Claude Guéant et le besoin d’une science politique véritablement européenne

Le ministre de l'Intérieur français Claude Guéant a créé le 4 février un tollé avec cette phrase : "Contrairement à ce que dit l'idéologie relativiste de gauche, pour nous, toutes les civilisations ne se valent pas." Il a explicité ensuite sa pensée en précisant vouloir défendre la démocratie, les libertés individuelles et les droits de femmes. « J'ai tenu des propos de bon sens, des propos d'évidence pour rappeler que toutes les civilisations ne se valent pas au regard des valeurs humanistes qui sont les nôtres".

par Jean-Paul Baquiast et Christophe Jacquemin - 08/02/2012

Comment pourrions nous ici évaluer le propos du ministre et le débat qui l'a suivi avec un minimum de références à la science politique, à supposer qu'il existe une science politique ayant quelque prétention à la scientificité ? 1)

Il paraît indiscutable que dans leur très grande majorité les citoyens des sociétés politiques européennes se reconnaissent dans des valeurs communes comme le respect des droits civiques, l'égalité entre les hommes et les femmes ou le refus de la peine de mort, sans mentionner (en général) le séparation stricte entre les religions et les institutions publiques. Ils ne pourront donc jamais accepter de se voir imposer ni même proposer des valeurs différentes provenant de sociétés elles-mêmes différentes, notamment le refus de la liberté d'expression, l'assujettissement des femmes aux hommes, la peine de mort par lapidation ou la charia, qui est l'instauration d'une règle religieuse en règle d'Etat. Autrement dit, les civilisations, ou si l'on préfère un terme moins ambitieux, les cultures, qui mettraient en oeuvre de telles valeurs ne pourraient être considérées par les Européens comme équivalentes et a fortiori substituables à la civilisation ou la culture européenne.

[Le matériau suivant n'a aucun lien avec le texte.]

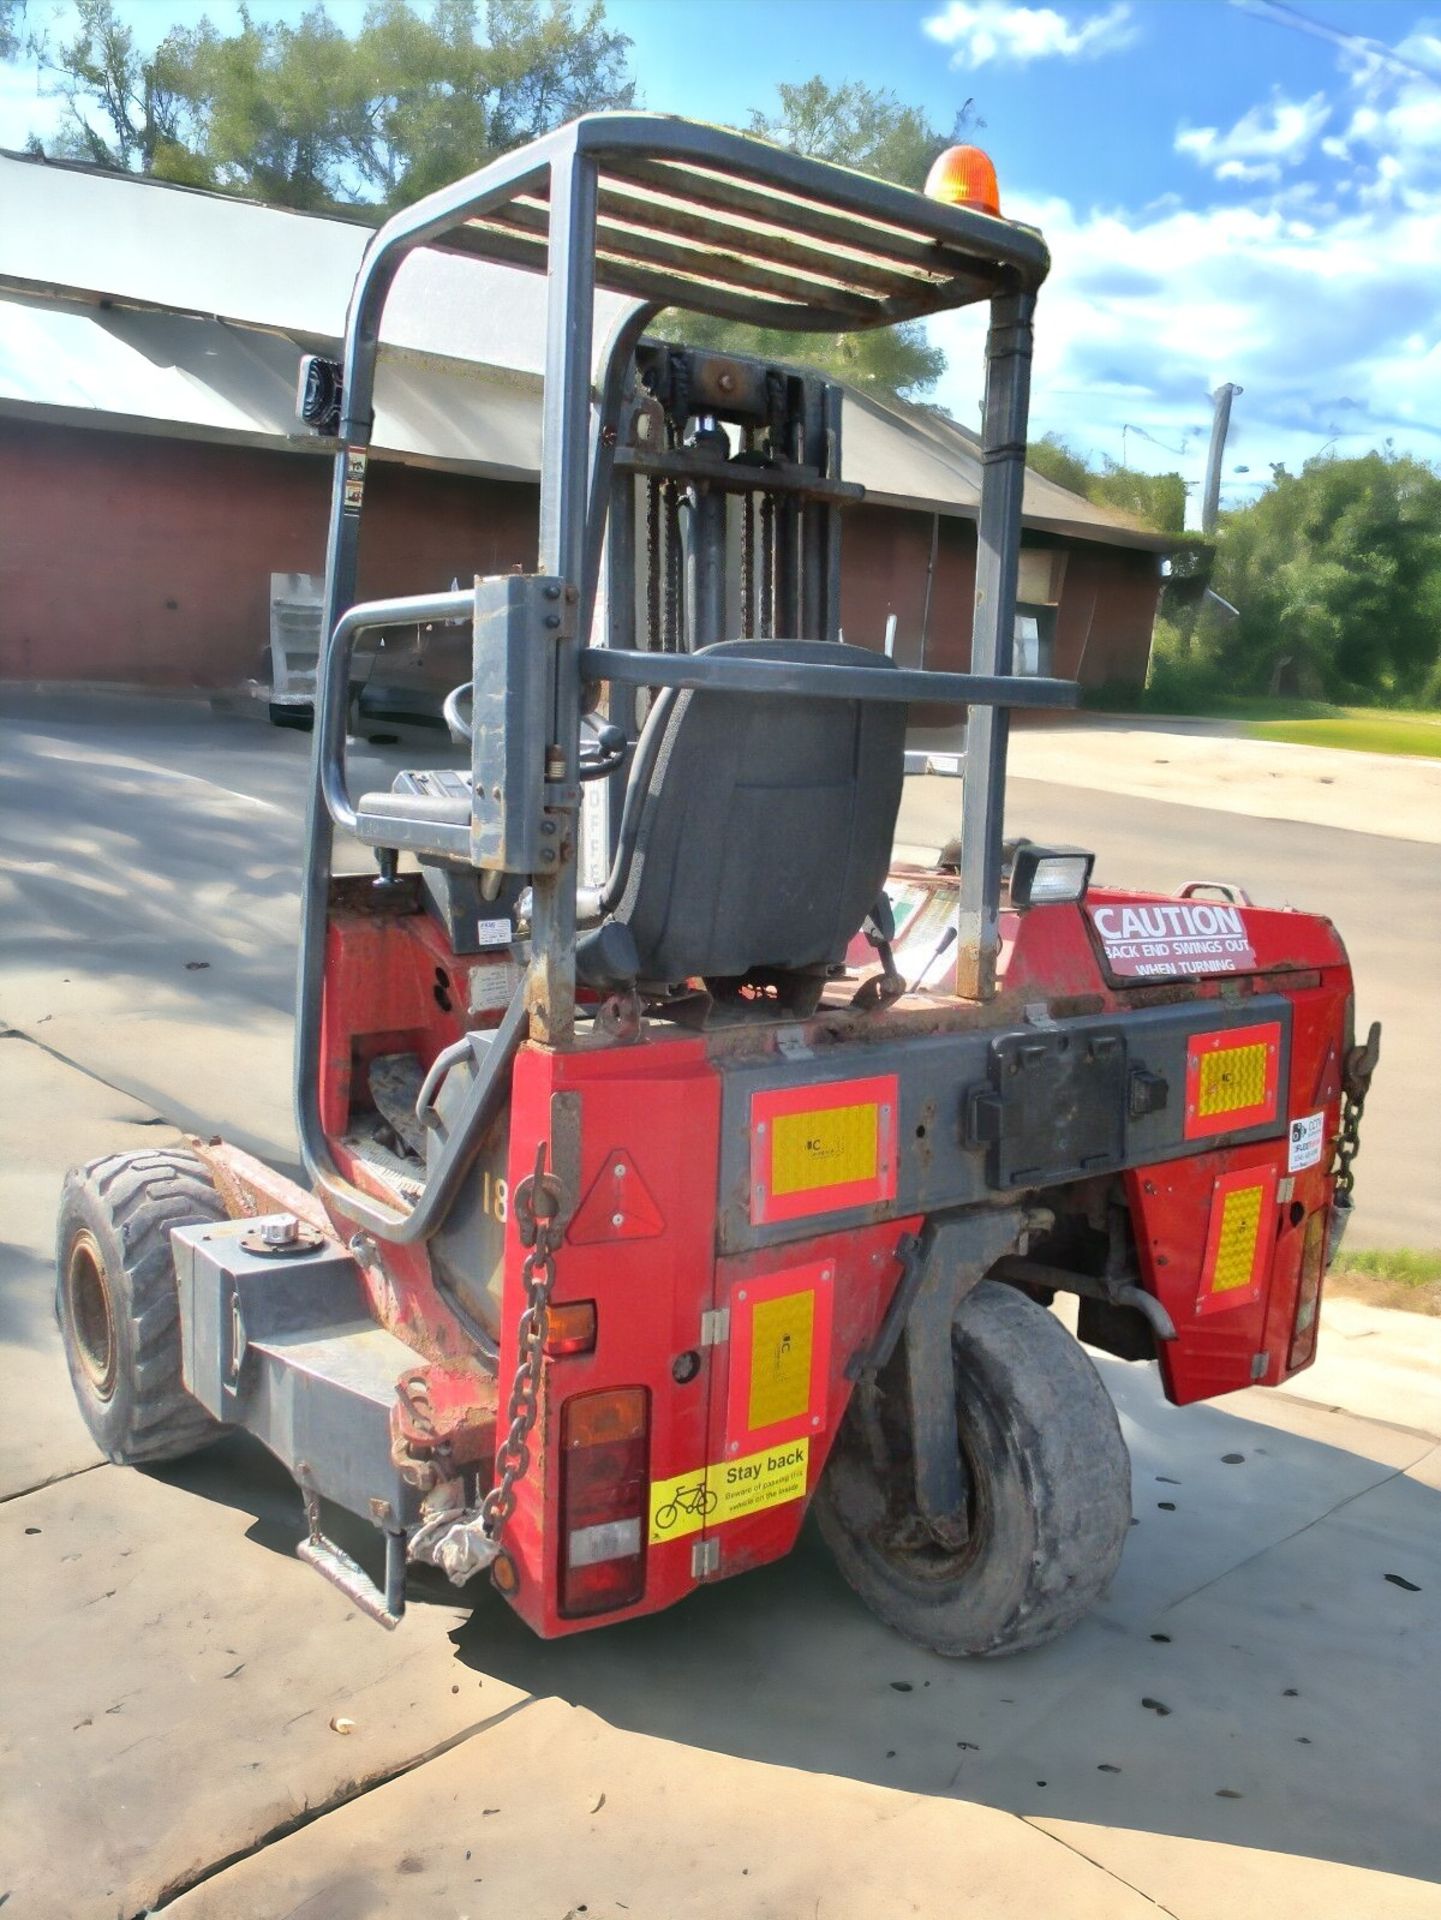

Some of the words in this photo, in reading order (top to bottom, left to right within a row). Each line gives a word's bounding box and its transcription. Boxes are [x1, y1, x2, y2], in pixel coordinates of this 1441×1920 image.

Ce point paraît si évident que l'on ne comprend pas pourquoi, en dehors des exigences de la propagande politique en période électorale, le ministre a eu besoin de le rappeler, ni l'opposition de gauche de s'indigner de ce rappel. Aux yeux de l'anthropologie politique, il paraît incontestable que les sociétés humaines, quelles qu'elles soient, se construisent autour d'intérêts et de valeurs qui leur sont spécifiques. Il s'agit là d'une forme de ce que l'on pourrait appeler un relativisme scientifique. Il n'y aurait pas d'ethnologie ni de sociologie comparées si l'on postulait que toutes les sociétés se ressemblent et que leurs valeurs sont identiques. Il serait peu scientifique, sous prétexte d'une exigence d'universalisme, de prétendre que les valeurs des unes pourraient s'appliquer aux autres sans un long processus permettant de construire démocratiquement les contenus d'une civilisation commune.

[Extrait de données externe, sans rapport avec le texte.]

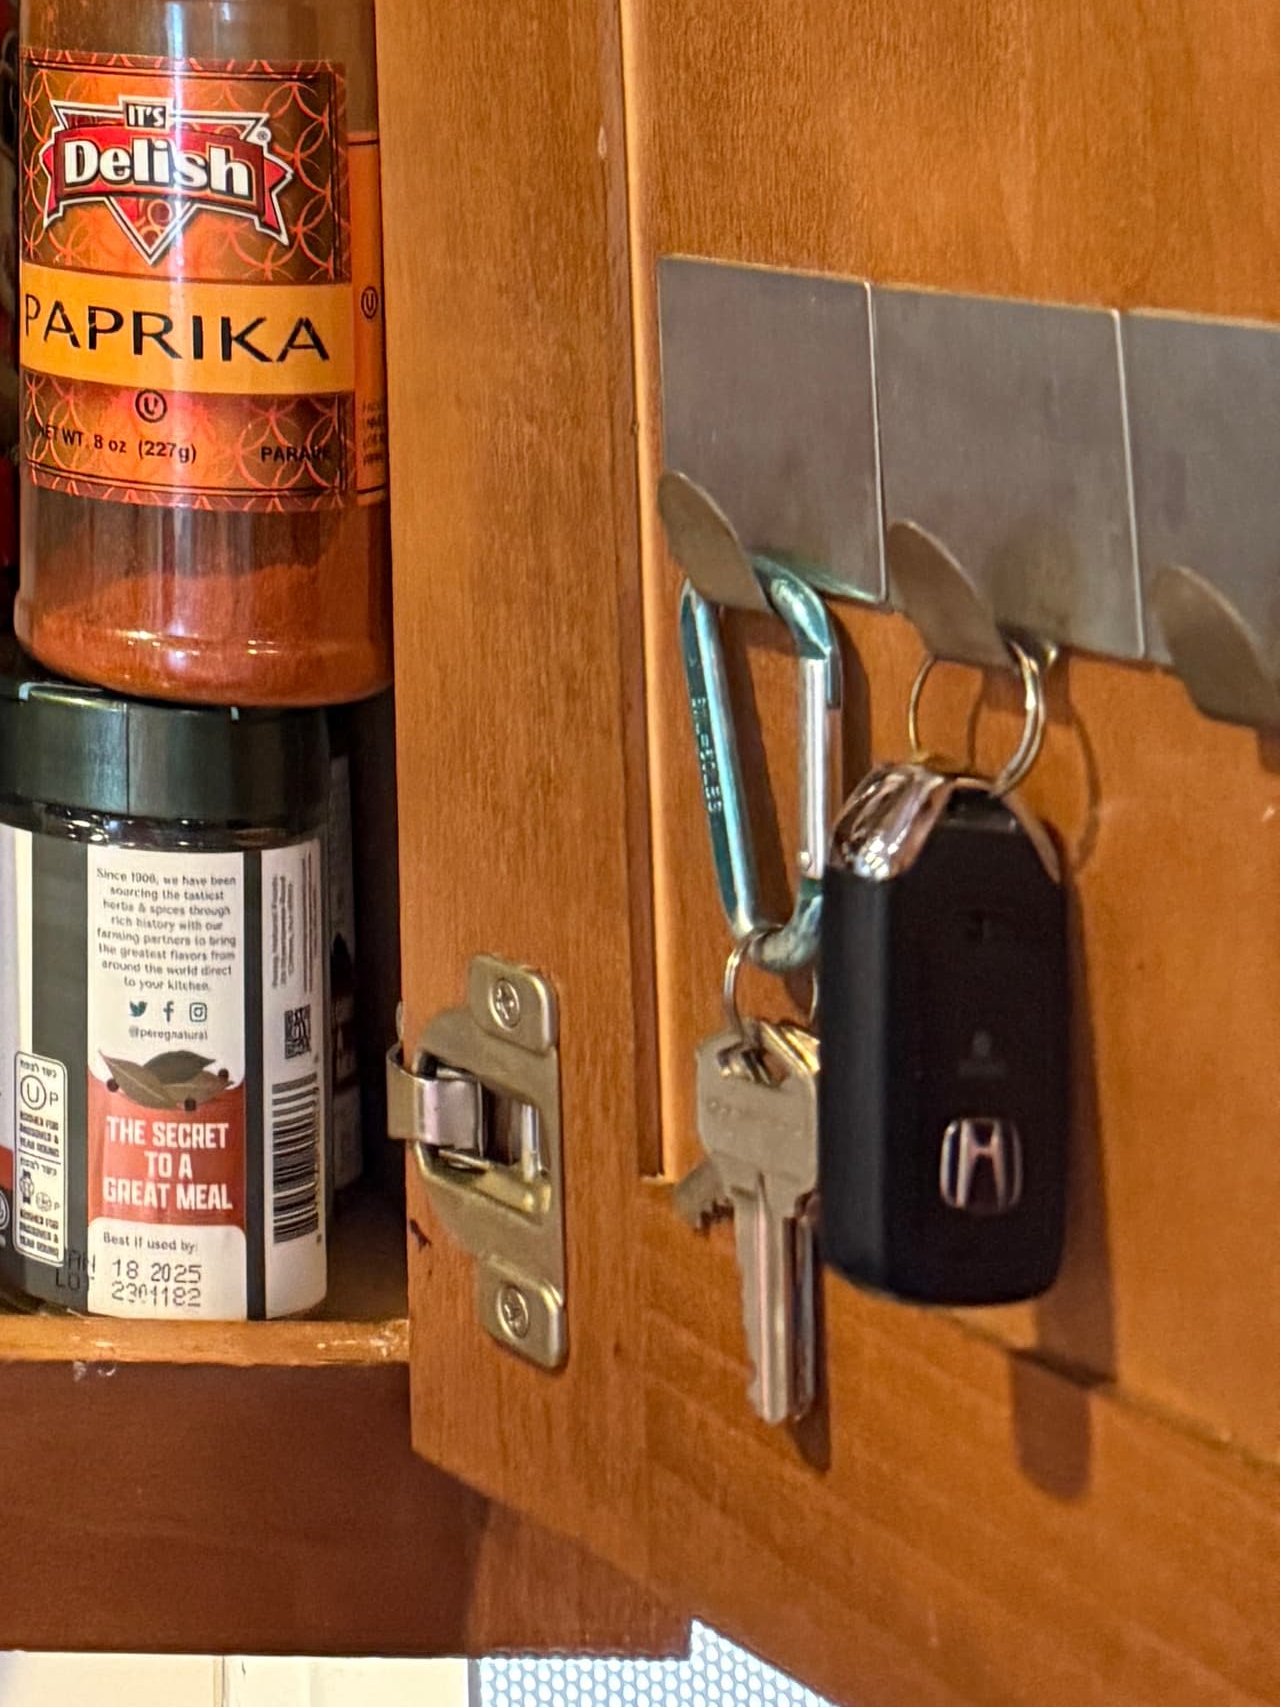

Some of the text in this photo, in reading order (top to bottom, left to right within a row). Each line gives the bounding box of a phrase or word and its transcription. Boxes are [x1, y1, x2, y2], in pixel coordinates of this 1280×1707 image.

[128, 103, 165, 127] IT'S
[63, 139, 251, 197] Delish
[25, 293, 328, 362] PAPRIKA
[138, 441, 196, 464] (227g)
[106, 1115, 229, 1149] THE SECRET
[144, 1150, 193, 1179] TO A
[103, 1176, 233, 1211] GREAT MEAL
[103, 1231, 130, 1247] Best
[147, 1236, 177, 1251] used
[112, 1258, 139, 1280] 18
[151, 1262, 203, 1284] 2025

Ce relativisme, qui est tout le contraire de ce que Claude Guéant reproche à la gauche (nous y reviendrons), signifie que sauf à perdre ce qui fait jusqu'à présent leur spécificité, les Européens ne pourraient pas accepter que s'exercent au sein de leurs sociétés, des principes ou des pratiques reposant, par exemple, sur l'assujettissement de la femme à l'homme.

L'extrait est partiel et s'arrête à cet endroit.